* _TASK DETAILS_
Return the data below exactly, please, but drop the pictures.

(MATERIAL SUPPLIED)

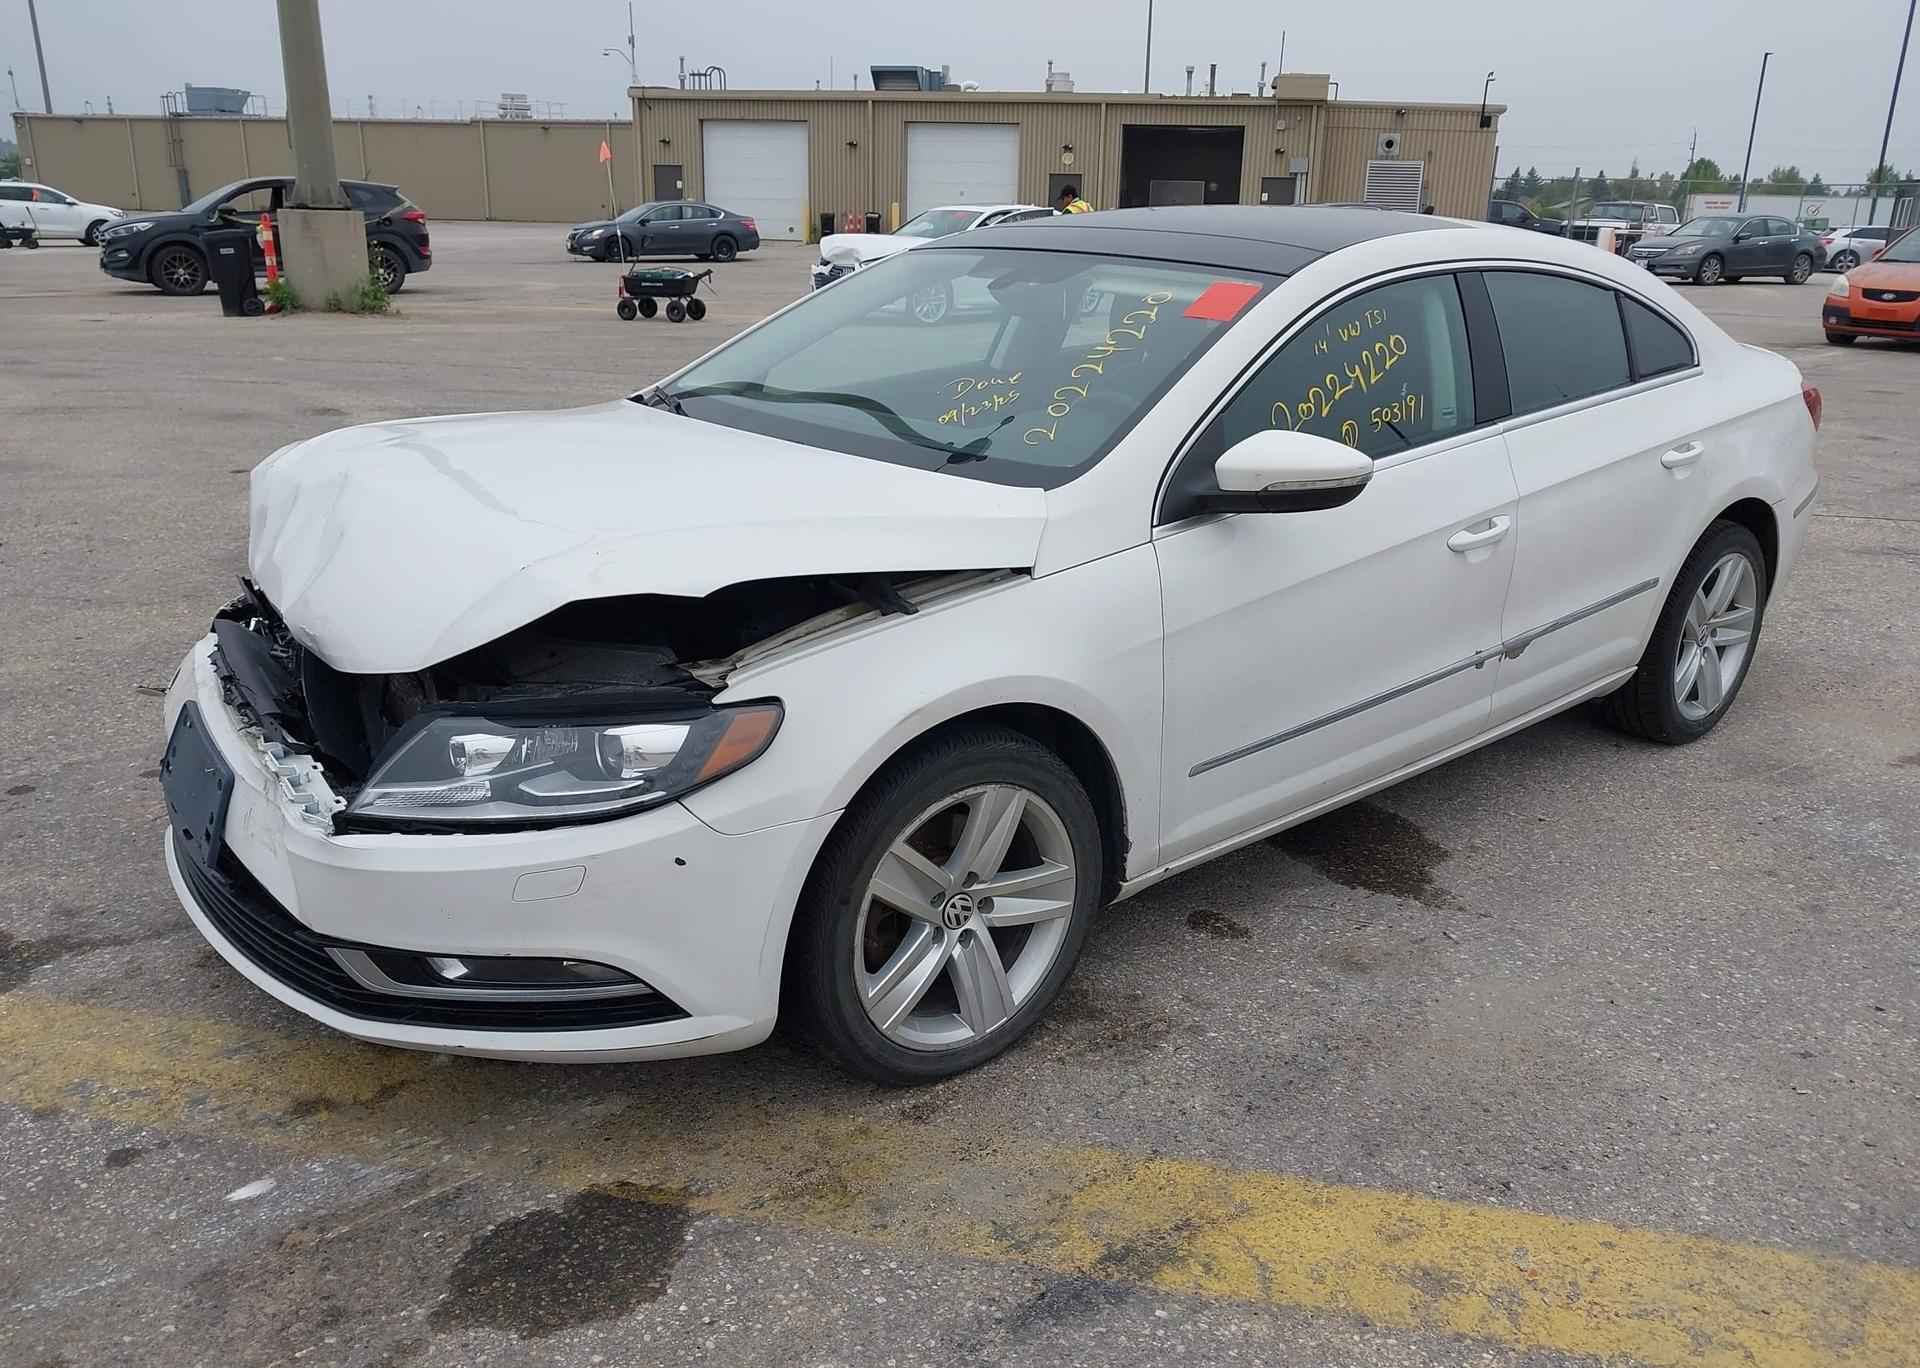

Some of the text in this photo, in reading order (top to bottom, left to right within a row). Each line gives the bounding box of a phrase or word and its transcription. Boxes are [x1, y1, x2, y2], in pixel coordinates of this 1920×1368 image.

[1338, 320, 1361, 342] VW
[1022, 290, 1173, 446] 20224220
[1270, 334, 1408, 432] 20224220
[938, 389, 1021, 427] 09/23/25
[1370, 394, 1424, 433] 503191
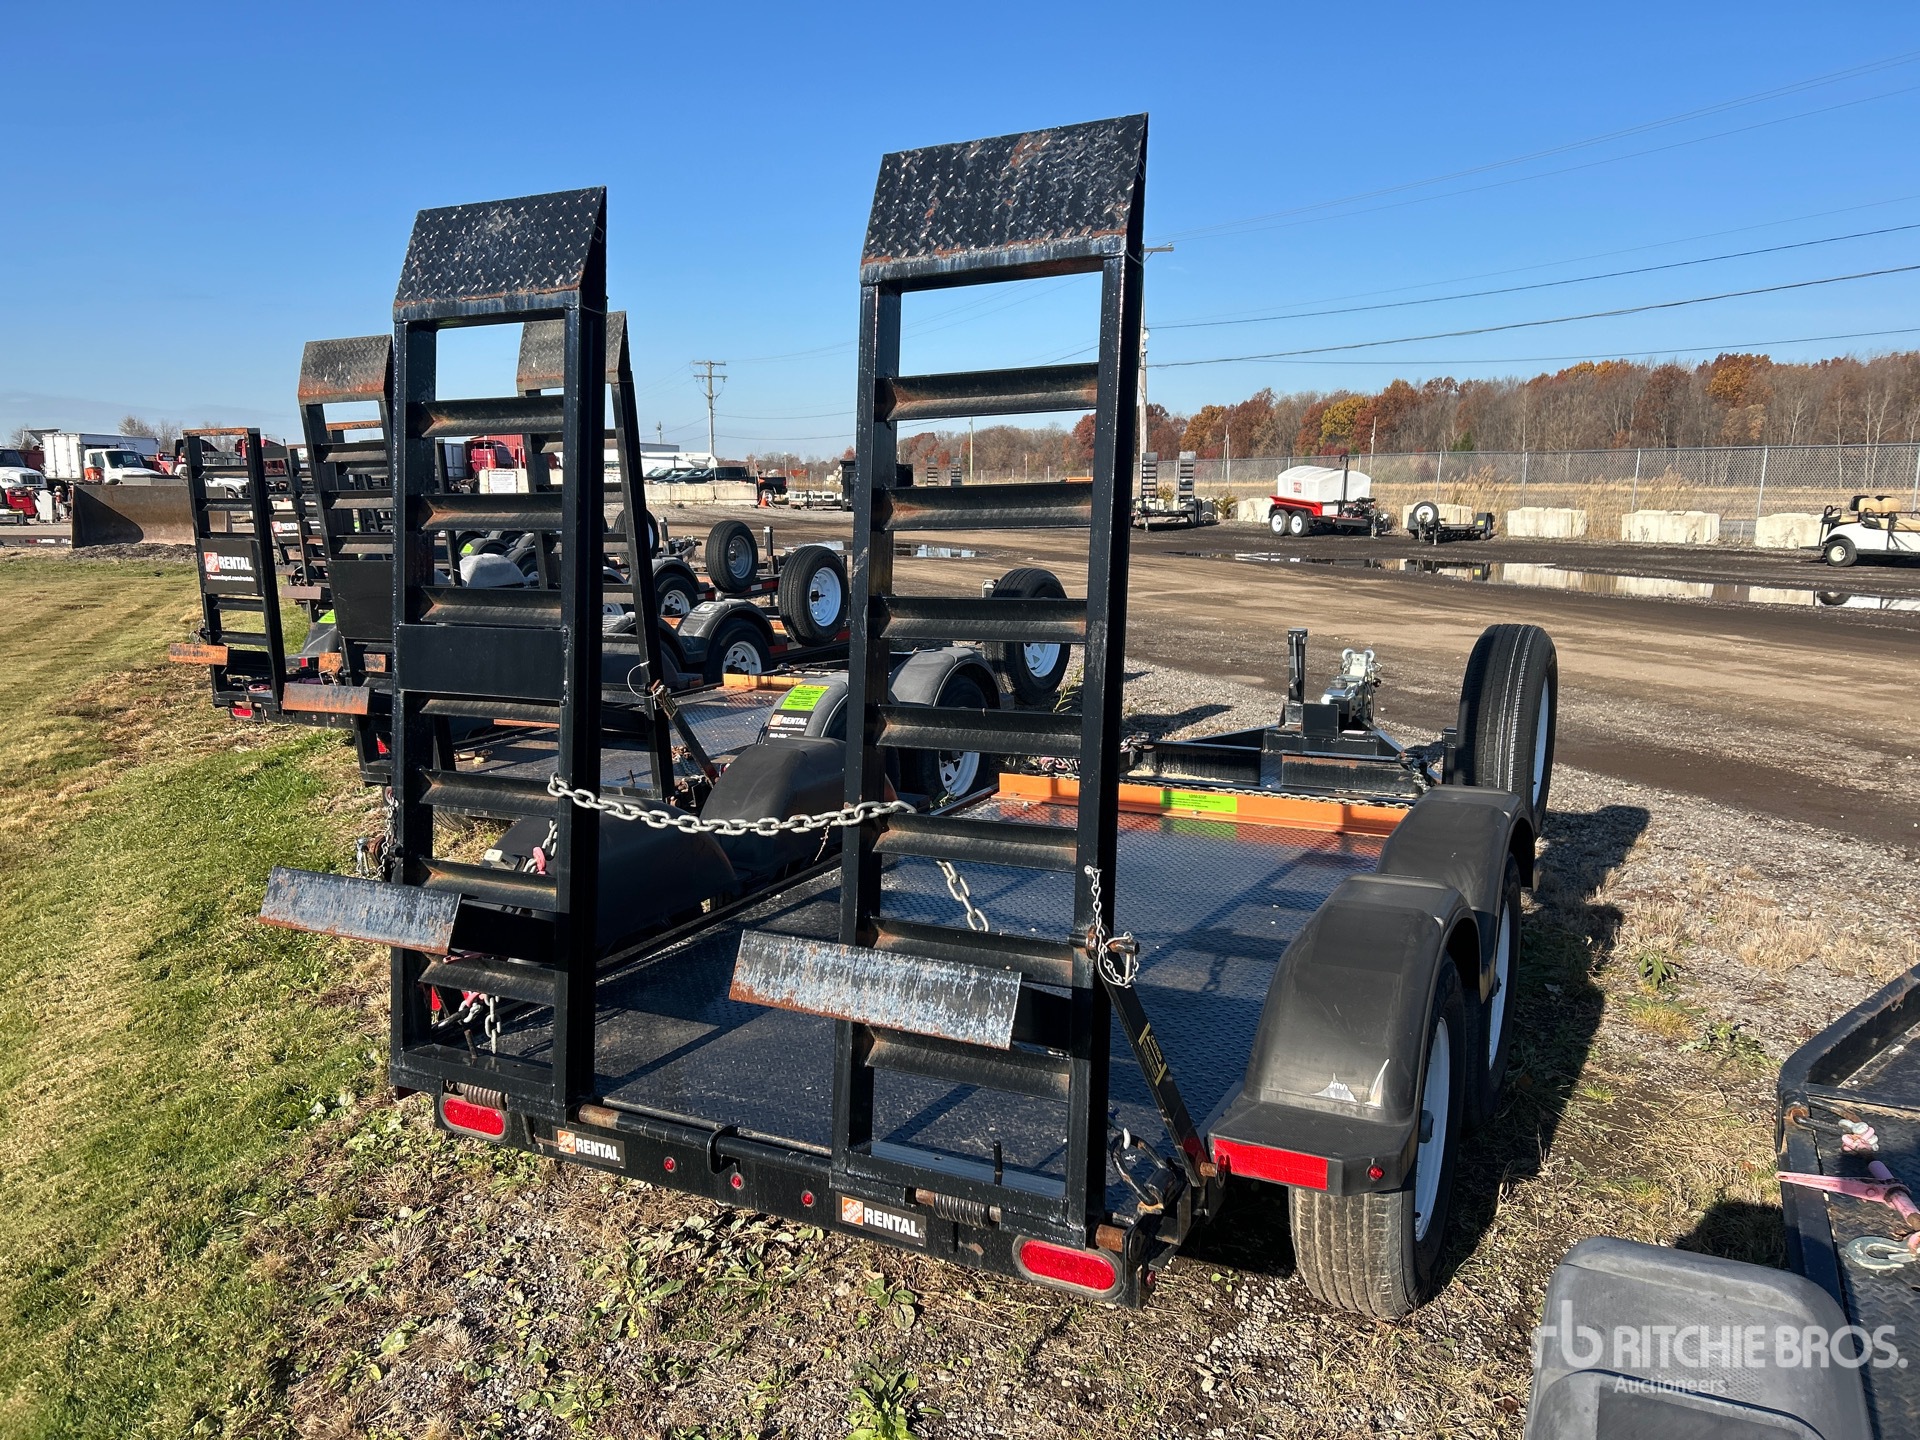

(End MATERIAL SUPPLIED)

* _EXPECTED ANSWER_
Some of the text in this photo, in reading order (top to bottom, left to right within a row). Each line gives the bounding box of a phrase or word and its transcription. Boxes are [x1, y1, x2, y2], in pixel coordinates of this 1920×1368 image.

[1338, 320, 1361, 342] VW
[1022, 290, 1173, 446] 20224220
[1270, 334, 1408, 432] 20224220
[938, 389, 1021, 427] 09/23/25
[1370, 394, 1424, 433] 503191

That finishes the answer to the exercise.